*** Opening RECORDS FOR THE EXERCISE ***

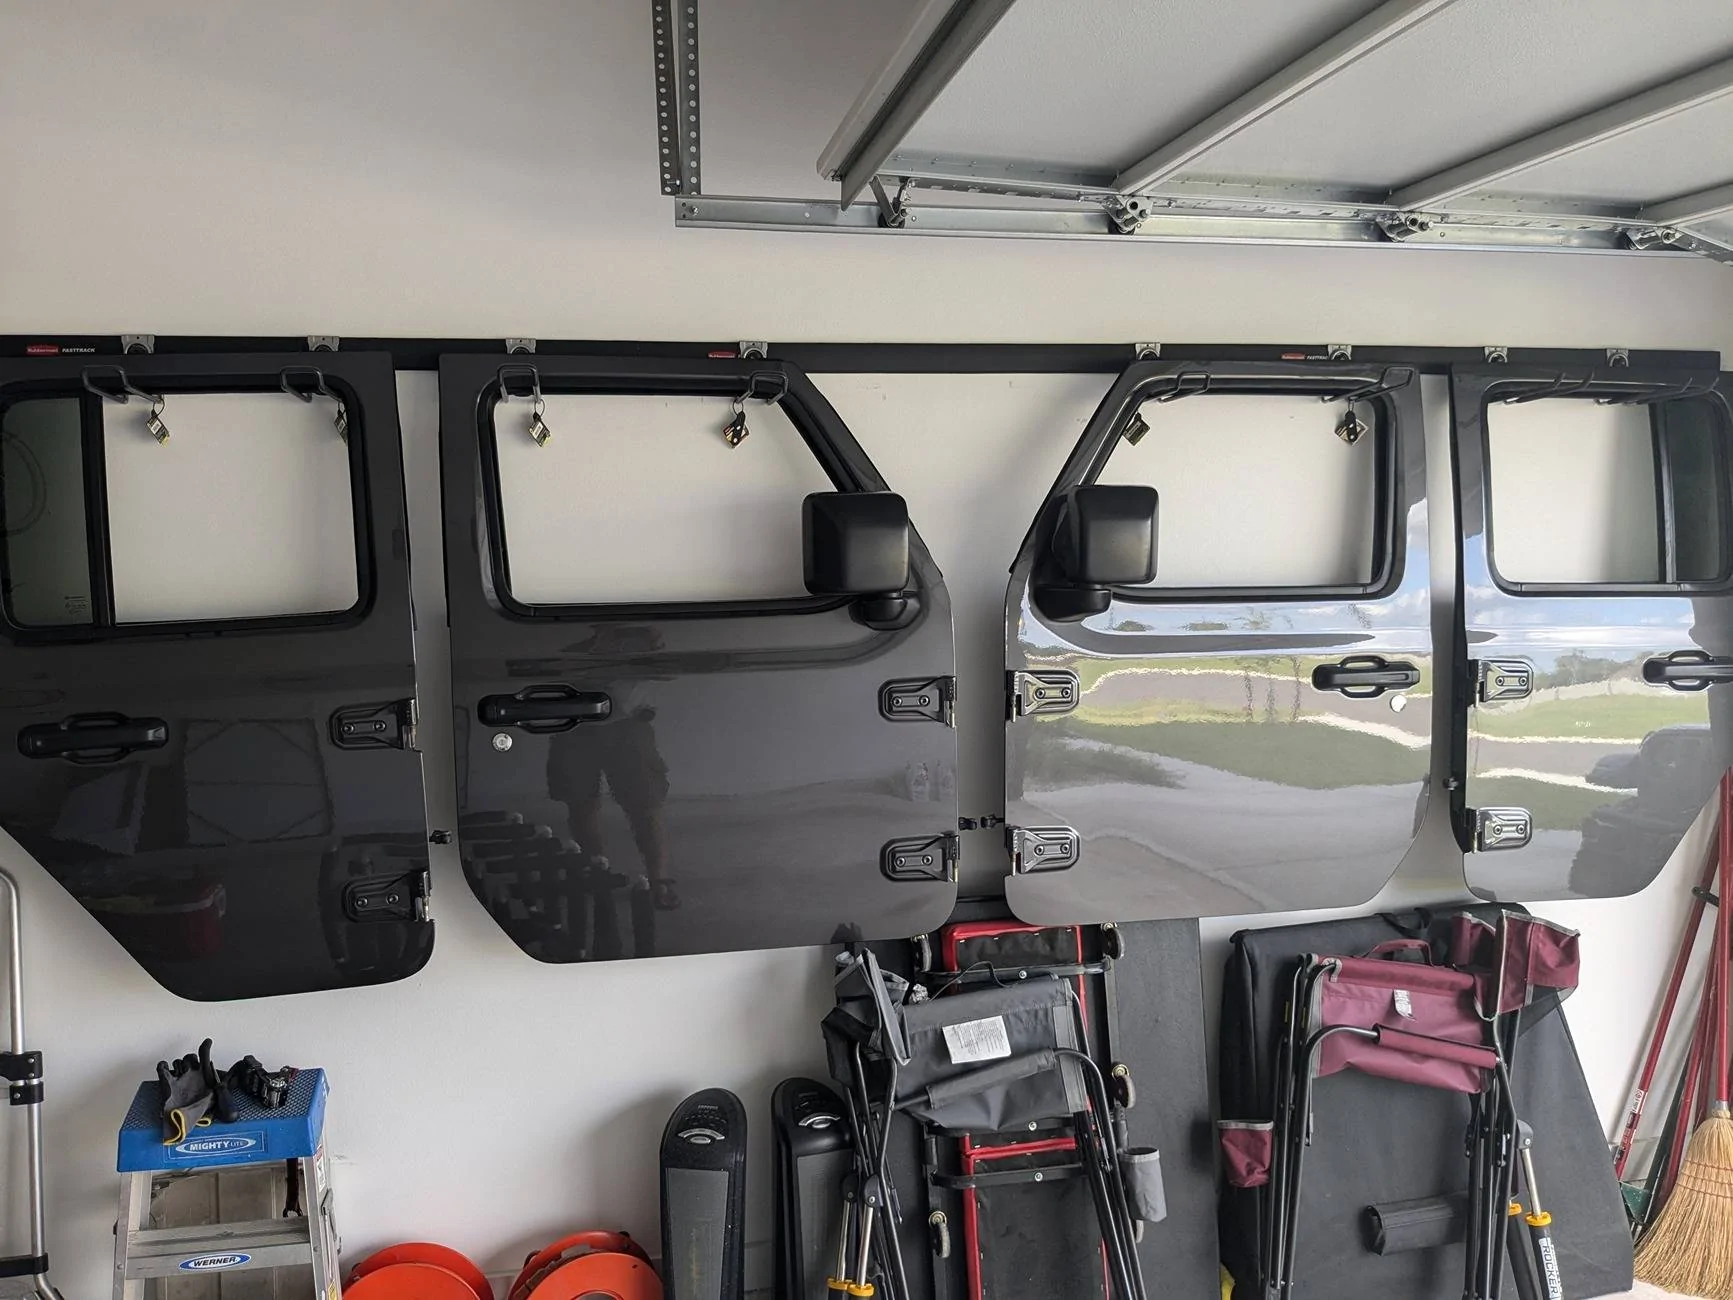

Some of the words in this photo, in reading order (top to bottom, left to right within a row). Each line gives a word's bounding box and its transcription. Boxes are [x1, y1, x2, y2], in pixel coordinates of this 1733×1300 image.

[189, 1140, 229, 1151] MIGHTY
[193, 1256, 236, 1267] WERNER
[1542, 1245, 1559, 1294] ROCKER
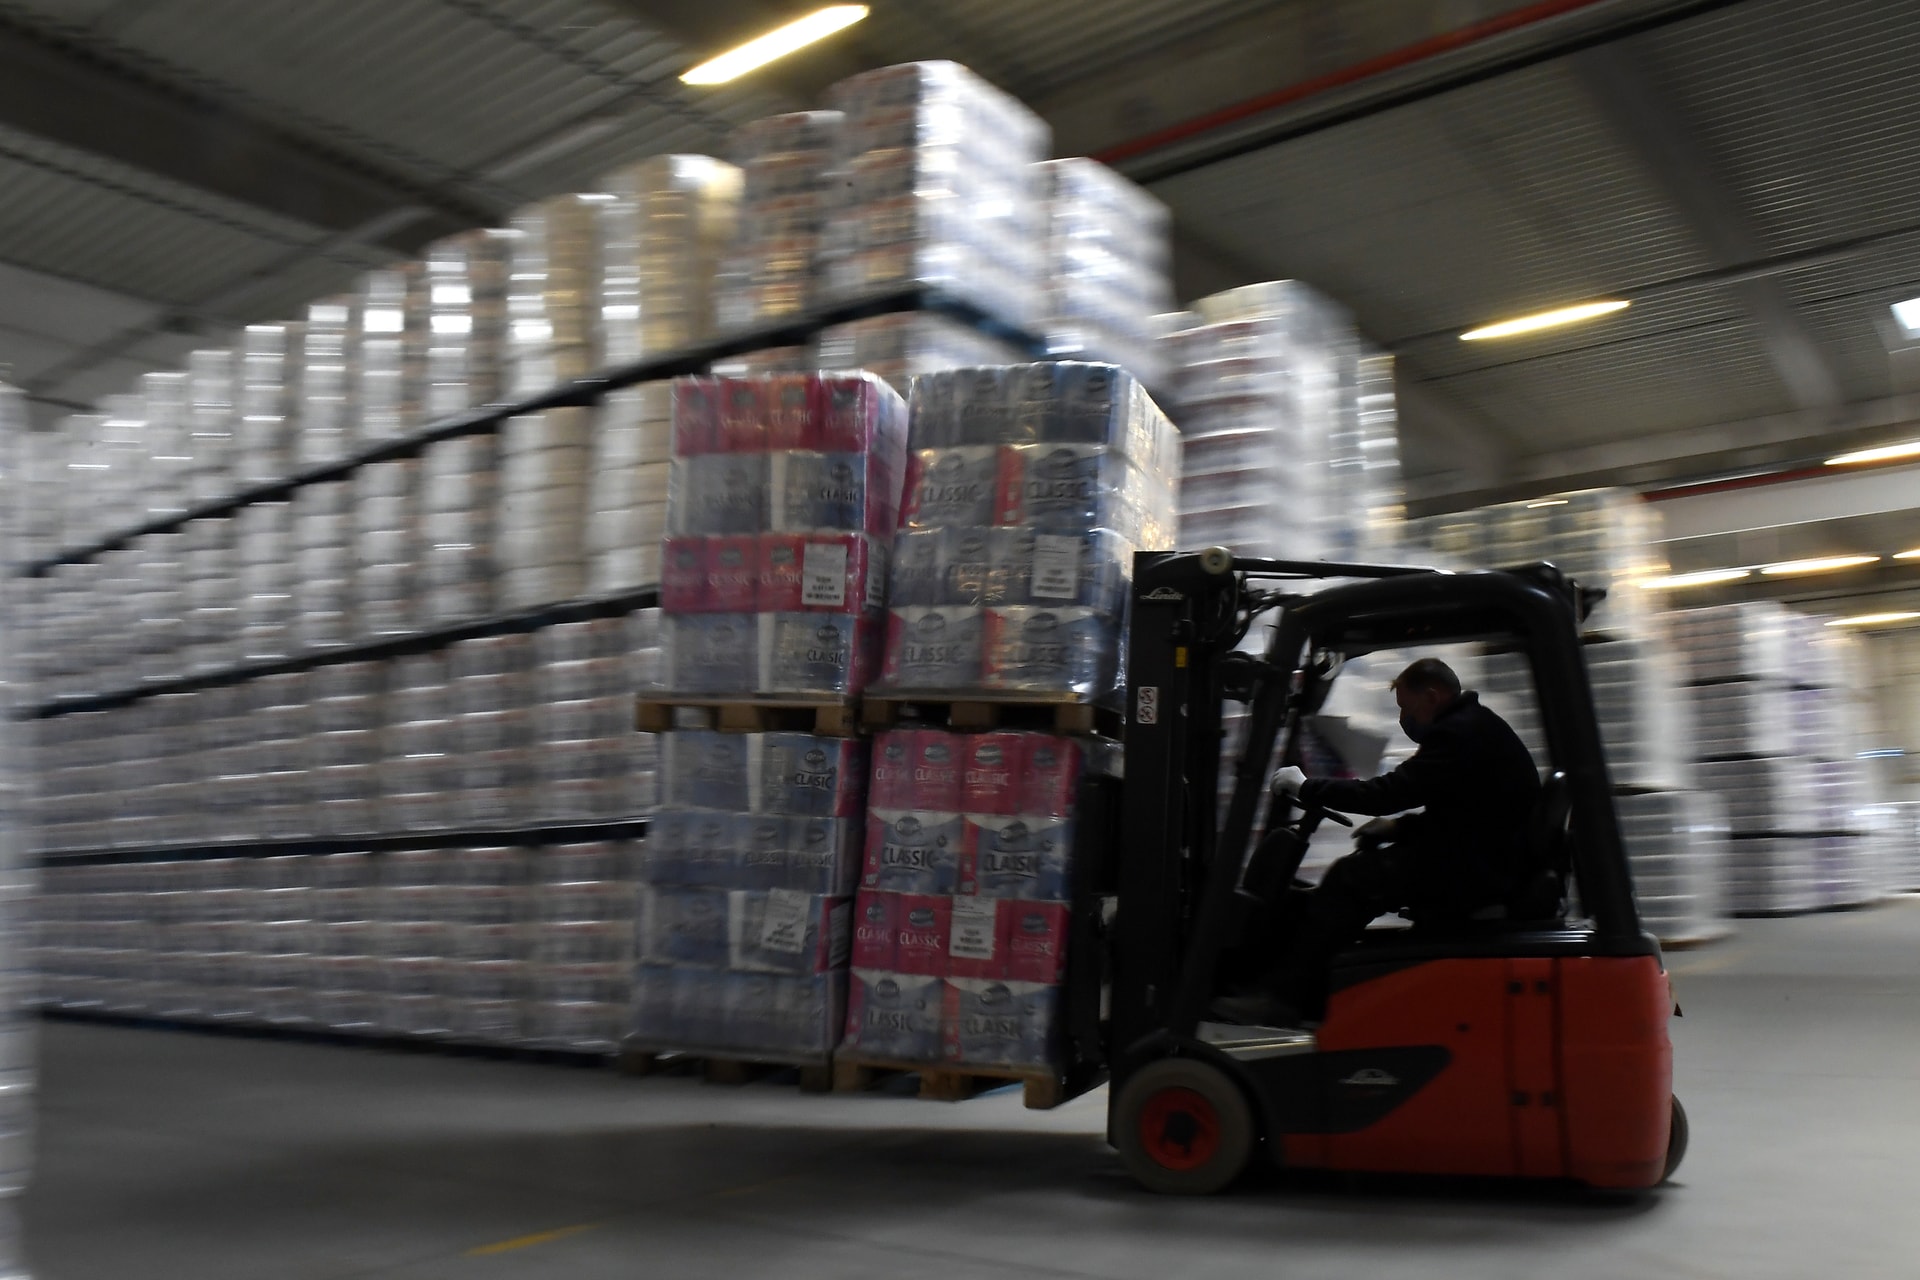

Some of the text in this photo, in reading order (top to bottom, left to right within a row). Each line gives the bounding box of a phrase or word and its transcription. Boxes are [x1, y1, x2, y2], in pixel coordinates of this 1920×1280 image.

*** Closing RECORDS FOR THE EXERCISE ***

# EXERCISE
Wherever a picture appears in the records, omit it, and transcribe everything else exactly.

# RESULT
Some of the words in this photo, in reading order (top to bottom, left to right within a row). Each line gives a word's bounding box and its transcription. Boxes are [x1, y1, x2, y2], in pixel coordinates of this 1733×1300 image.

[189, 1140, 229, 1151] MIGHTY
[193, 1256, 236, 1267] WERNER
[1542, 1245, 1559, 1294] ROCKER

Some of the text in this photo, in reading order (top to bottom, left to right within a row). Each line gives the bounding box of a phrase or word and its transcription. Boxes are [x1, y1, x2, y2], in pixel coordinates of this 1920×1280 image.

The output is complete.